"Imaginary robbers should play a part" [ABBE]
Whether it be television, movies, board games, or computer games, there's no denying the abundance of Sherlock Holmes themed entertainment available. Now a new Kickstarter project adds role-playing games to the list.
As the description of Baker Street: Role Playing in the World of Sherlock Holmes says, “In this Victorian-era RPG, you become an investigator working out of 221B Baker Street solving cases for Dr. Watson.” Sherlock Holmes is missing and presumed dead, but crime doesn't stop and the police are as out of their depth as ever. This is where you, oh fortunately placed and conveniently trustworthy investigator, come in.
If you are completely unfamiliar with role-playing games (RPGs), the basic idea is that each player creates a character that they then 'role-play,' typically by amassing a set of statistics (scores) that they then use to perform actions in the game. For example, if I want to play a character who is particularly charming, I could give that character a high Charisma score. When the character tries to charm his/her way past the palace guards, that Charisma score would determine if I succeed or not. A roll of a die or dice adds an extra element of chance; occasionally, characters pull off actions that would otherwise be impossible. Other times, they fail when it should have been easy.

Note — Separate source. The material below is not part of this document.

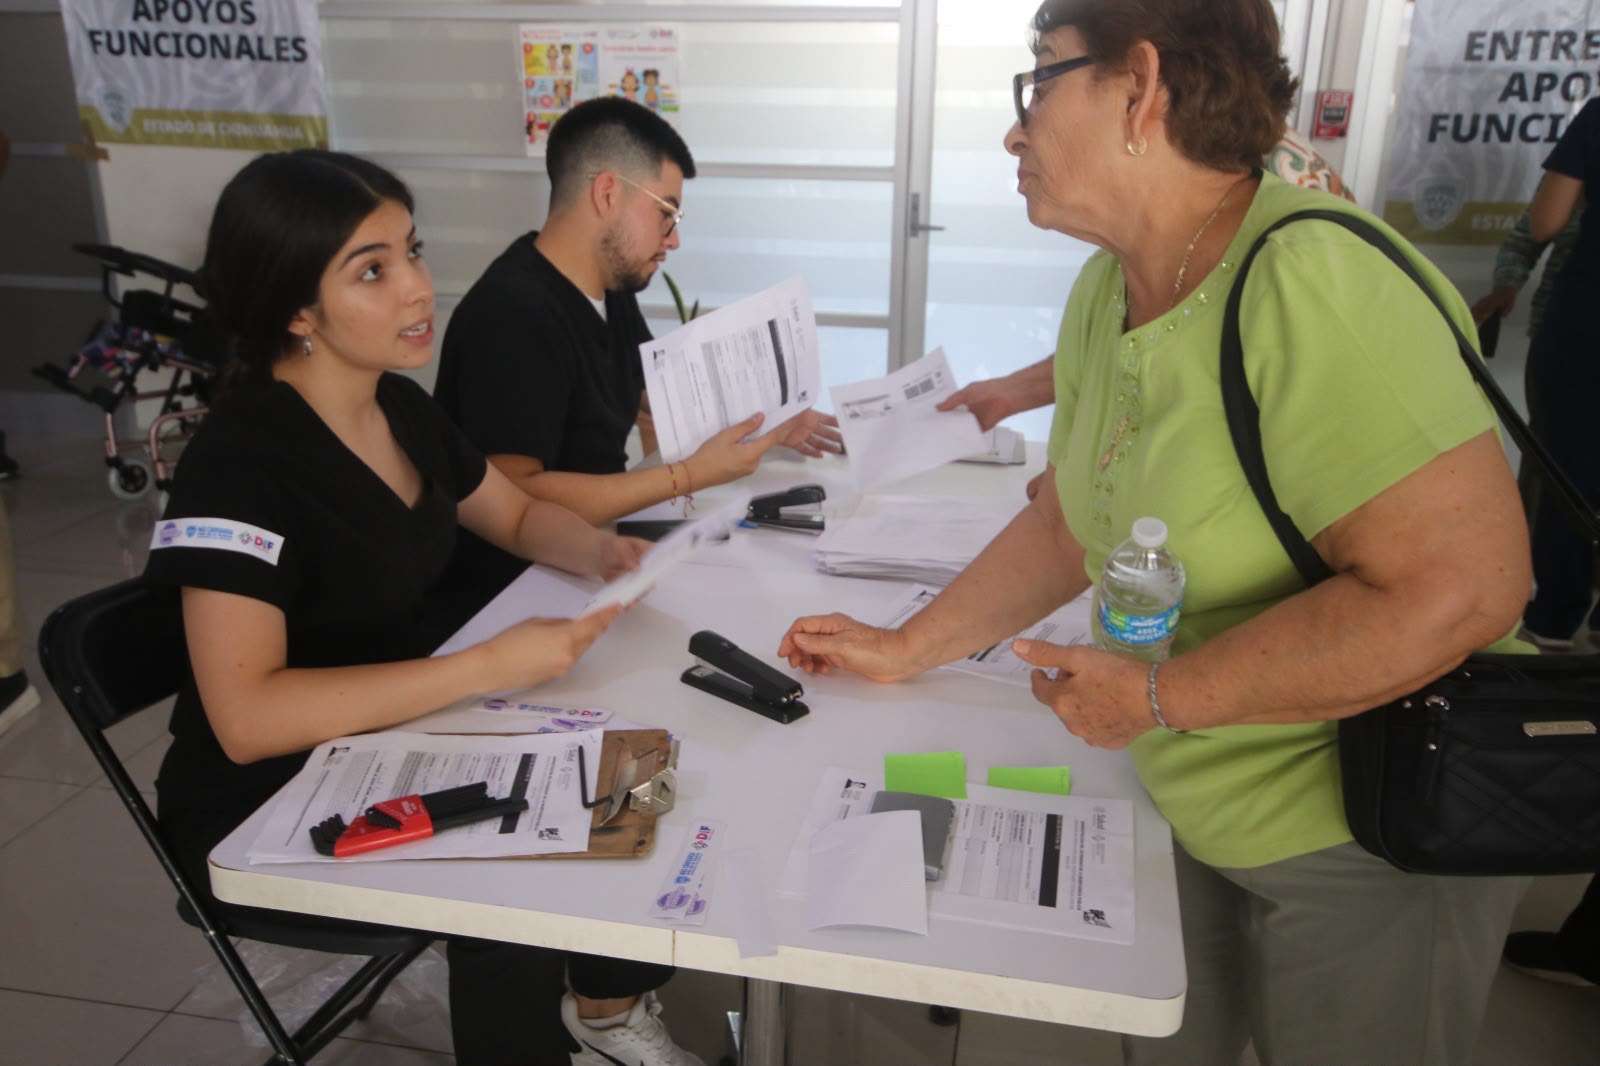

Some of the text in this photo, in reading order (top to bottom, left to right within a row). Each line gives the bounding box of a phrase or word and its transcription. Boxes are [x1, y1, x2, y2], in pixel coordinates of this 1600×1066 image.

[132, 0, 257, 26] APOYOS
[90, 29, 308, 63] FUNCIONALES
[1498, 71, 1600, 103] APO
[143, 118, 194, 135] ESTADO

"Baker Street" seems to work on the same basic level as any other RPG. In order to create a dynamic gameplay that reflects the investigative process, they've added a few unique features; a special Sherlock die, investigation scenes, threat meters and social status. The Sherlock die adds an extra layer of randomness to completing tasks. Roll a Moriarty, and you’re in big trouble. Roll a Sherlock, and you’re bound to succeed. Keep up your social status, or you may lose your connections. The longer you take to solve a case, the higher the threat.
|The Sherlock Die|
|A sample character|
"Investigating a scene is the driving engine of this game. The trick is to get enough clues fast enough so that the criminals don't have enough time to get away or further their plans. Played in a series of rounds, Investigation Scenes have investigators making Observation, Reason, and Deduction Skill Rolls to uncover clues, weed out false clues, and uncover possible leads to help them in their investigation."The reason I find RPGs entertaining is the role-playing part. It's like a strange sort of improvisational theater within the guidelines of your character's scores. With the right group of people playing, these Investigation Scenes could be great opportunities to get into character and delve into the case. Of course, it’s impossible to tell how well “Baker Street” is going to work without actually playing the game, but it's at least intriguing enough to be worth trying out. If this is the sort of project you'd be interested in supporting, you have until March 16th to back the project.